= Beginning of Section =

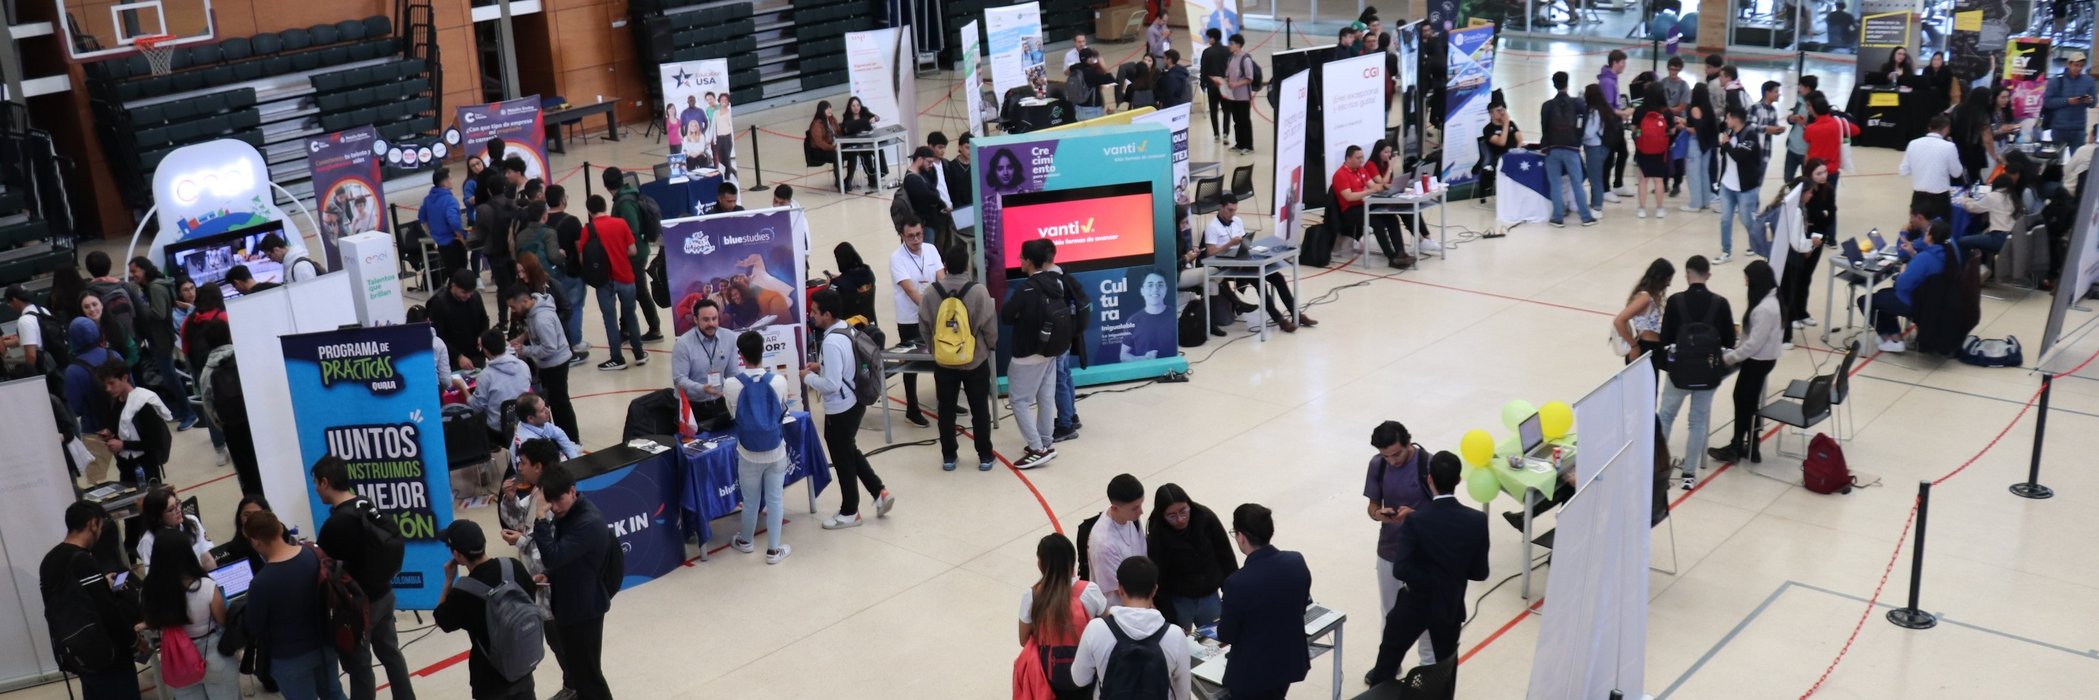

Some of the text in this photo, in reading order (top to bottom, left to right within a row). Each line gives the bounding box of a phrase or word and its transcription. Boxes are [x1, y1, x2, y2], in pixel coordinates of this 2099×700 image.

[2012, 56, 2031, 68] EY
[1363, 66, 1379, 78] CGI
[696, 77, 716, 86] USA
[2025, 94, 2041, 106] EY
[491, 122, 502, 130] tipo
[511, 119, 533, 127] empresa
[1867, 119, 1880, 127] EY
[1031, 147, 1050, 156] Cre
[1104, 143, 1136, 156] vanti
[1032, 155, 1054, 166] cimi
[1033, 165, 1056, 174] ento
[1038, 220, 1079, 238] vanti
[724, 232, 770, 245] bluestudies
[1095, 234, 1119, 242] avanzar
[1100, 277, 1127, 294] Cul
[370, 290, 392, 300] brillan
[1100, 294, 1119, 308] tu
[1101, 309, 1120, 321] ra
[1101, 322, 1135, 332] Inigualable
[318, 341, 390, 360] PROGRAMA DE
[320, 355, 394, 385] PRÁCTICAS
[372, 380, 397, 391] QUALA
[327, 425, 417, 461] JUNTOS
[346, 460, 421, 480] NSTRUIMOS
[356, 481, 427, 510] MEJOR
[629, 512, 649, 533] IN

= End of Section =

§ TASK BRIEF:
Nothing but the pictures may be dropped; restate the material word for word.

§ RESULT OF THIS TASK:
Some of the text in this photo, in reading order (top to bottom, left to right within a row). Each line gives the bounding box of a phrase or word and its transcription. Boxes are [x1, y1, x2, y2], in pixel coordinates of this 2099×700 image.

[2012, 56, 2031, 68] EY
[1363, 66, 1379, 78] CGI
[696, 77, 716, 86] USA
[2025, 94, 2041, 106] EY
[491, 122, 502, 130] tipo
[511, 119, 533, 127] empresa
[1867, 119, 1880, 127] EY
[1031, 147, 1050, 156] Cre
[1104, 143, 1136, 156] vanti
[1032, 155, 1054, 166] cimi
[1033, 165, 1056, 174] ento
[1038, 220, 1079, 238] vanti
[724, 232, 770, 245] bluestudies
[1095, 234, 1119, 242] avanzar
[1100, 277, 1127, 294] Cul
[370, 290, 392, 300] brillan
[1100, 294, 1119, 308] tu
[1101, 309, 1120, 321] ra
[1101, 322, 1135, 332] Inigualable
[318, 341, 390, 360] PROGRAMA DE
[320, 355, 394, 385] PRÁCTICAS
[372, 380, 397, 391] QUALA
[327, 425, 417, 461] JUNTOS
[346, 460, 421, 480] NSTRUIMOS
[356, 481, 427, 510] MEJOR
[629, 512, 649, 533] IN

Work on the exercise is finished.